Problem details:
Copy every record exactly as it stands. Leave the pictures out.

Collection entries
_ _ _ _ _ _ _

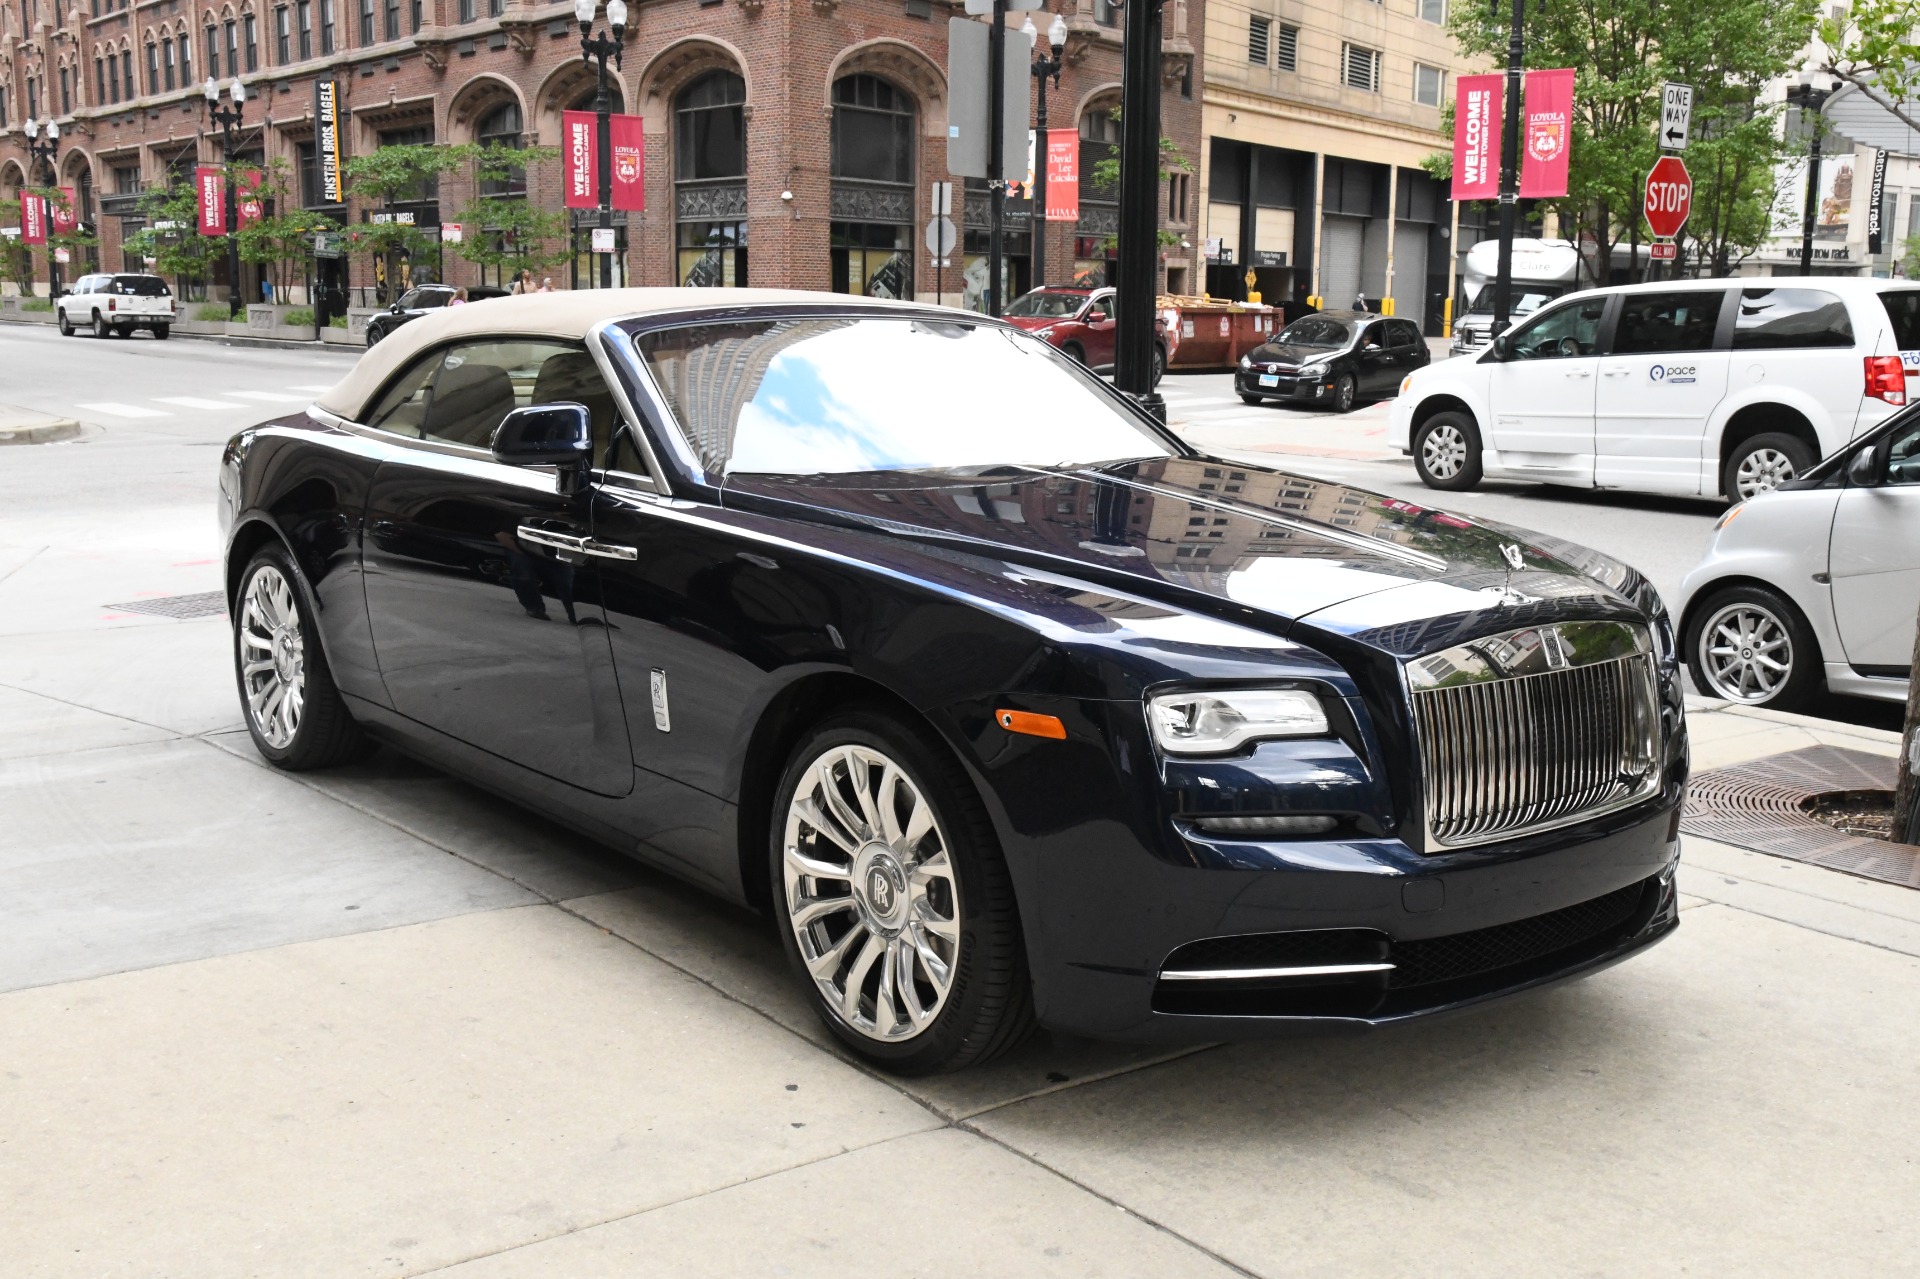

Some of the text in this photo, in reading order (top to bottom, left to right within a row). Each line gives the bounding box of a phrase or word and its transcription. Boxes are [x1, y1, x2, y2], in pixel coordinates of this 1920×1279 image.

[1667, 89, 1689, 107] ONE
[1530, 112, 1565, 121] LOYOLA
[1666, 108, 1688, 124] WAY
[320, 83, 336, 200] EINSTEIN BROS. BAGELS
[1464, 90, 1482, 185] WELCOME
[1479, 90, 1491, 185] WATER TOWER CAMPUS
[573, 123, 584, 196] WELCOME
[1049, 153, 1072, 164] David
[1059, 164, 1072, 172] Lee
[1049, 173, 1077, 182] Csicsko
[1648, 181, 1689, 213] STOP
[1869, 149, 1886, 235] ORDSTROM rack
[203, 176, 214, 227] WELCOME
[26, 197, 35, 237] WELCOME
[1046, 208, 1078, 217] LUMA
[1652, 245, 1663, 257] ALL
[1663, 246, 1674, 257] WAY
[1786, 246, 1850, 259] NORROM rack
[1520, 261, 1551, 271] Clare
[1901, 351, 1920, 366] F6
[1667, 366, 1696, 377] pace
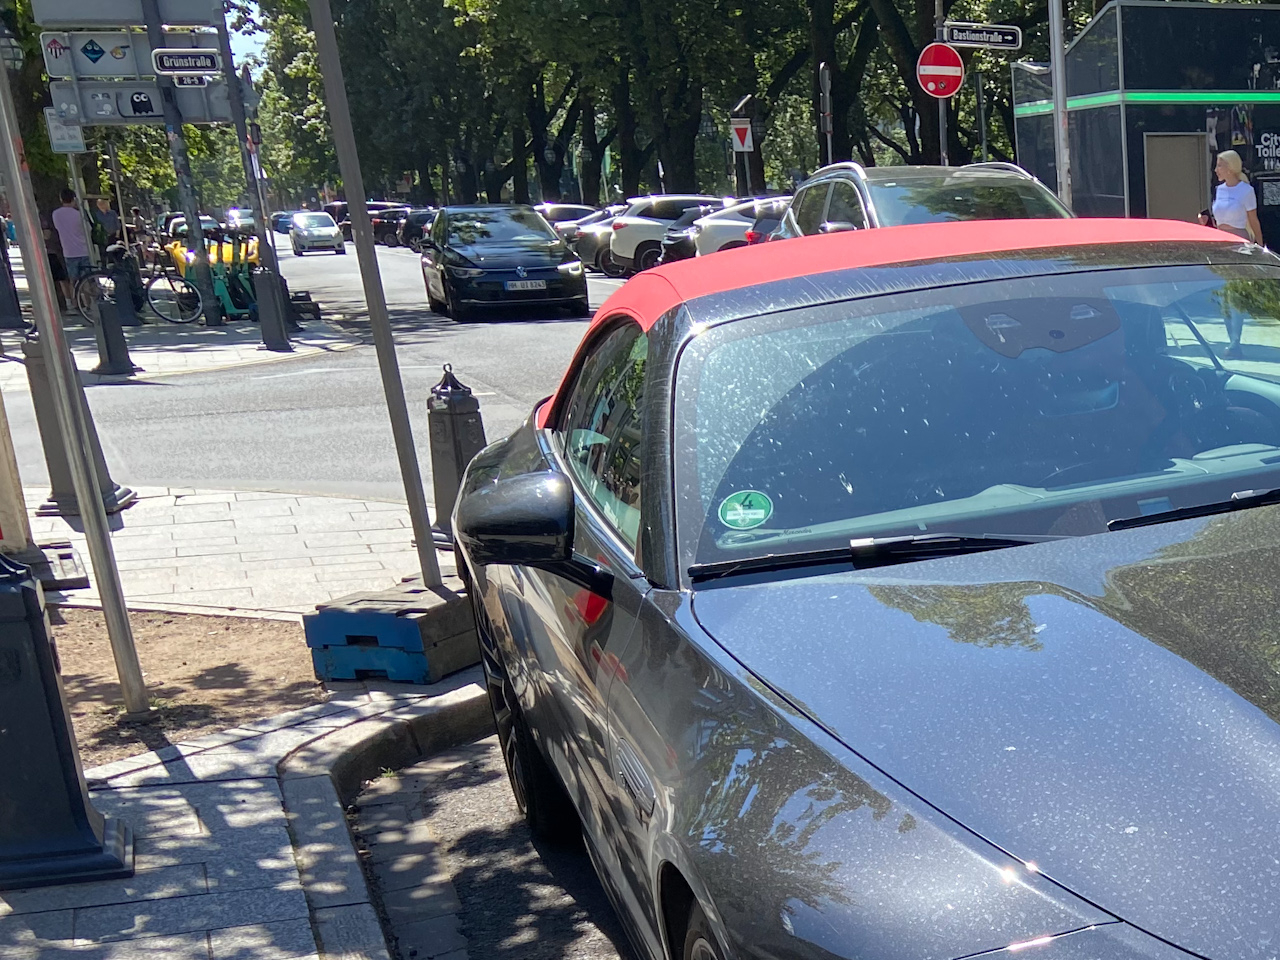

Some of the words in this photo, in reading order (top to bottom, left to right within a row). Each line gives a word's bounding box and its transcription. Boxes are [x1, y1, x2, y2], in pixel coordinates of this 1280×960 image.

[953, 29, 1003, 42] Bastionstraße
[163, 55, 211, 67] Grünstraße
[740, 493, 753, 509] 4
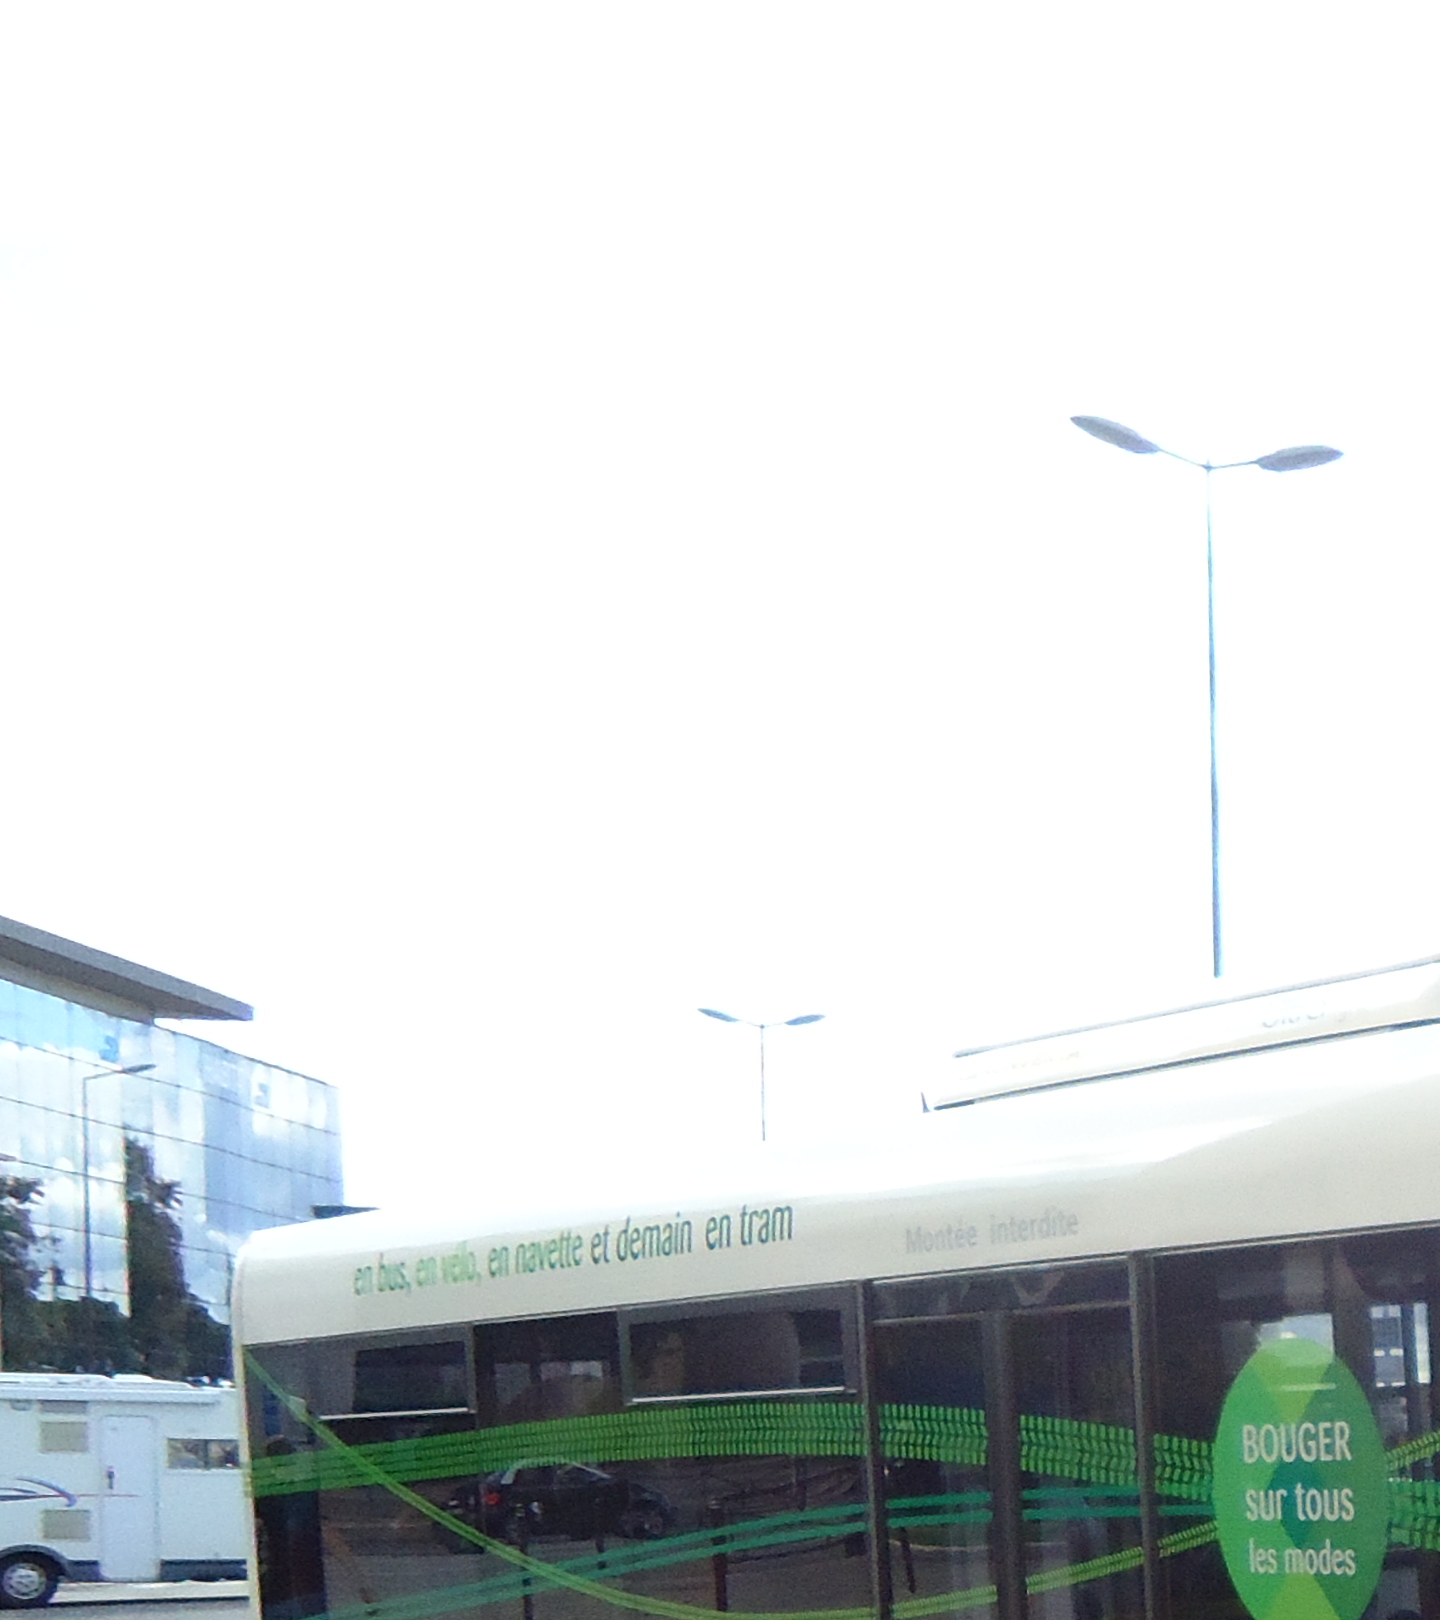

_ _ _ _ _ _ _

Completed exercise:
Some of the text in this photo, in reading order (top to bottom, left to right within a row). Each line gives the bounding box of a phrase or word and its transcription. Boxes are [x1, y1, x2, y2], in pixel coordinates of this 1920×1279 image.

[1667, 89, 1689, 107] ONE
[1530, 112, 1565, 121] LOYOLA
[1666, 108, 1688, 124] WAY
[320, 83, 336, 200] EINSTEIN BROS. BAGELS
[1464, 90, 1482, 185] WELCOME
[1479, 90, 1491, 185] WATER TOWER CAMPUS
[573, 123, 584, 196] WELCOME
[1049, 153, 1072, 164] David
[1059, 164, 1072, 172] Lee
[1049, 173, 1077, 182] Csicsko
[1648, 181, 1689, 213] STOP
[1869, 149, 1886, 235] ORDSTROM rack
[203, 176, 214, 227] WELCOME
[26, 197, 35, 237] WELCOME
[1046, 208, 1078, 217] LUMA
[1652, 245, 1663, 257] ALL
[1663, 246, 1674, 257] WAY
[1786, 246, 1850, 259] NORROM rack
[1520, 261, 1551, 271] Clare
[1901, 351, 1920, 366] F6
[1667, 366, 1696, 377] pace

Some of the words in this photo, in reading order (top to bottom, left to right within a row). Each line gives a word's bounding box and its transcription. Boxes are [x1, y1, x2, y2], in pixel coordinates of this 1280×960 image.

[953, 29, 1003, 42] Bastionstraße
[163, 55, 211, 67] Grünstraße
[740, 493, 753, 509] 4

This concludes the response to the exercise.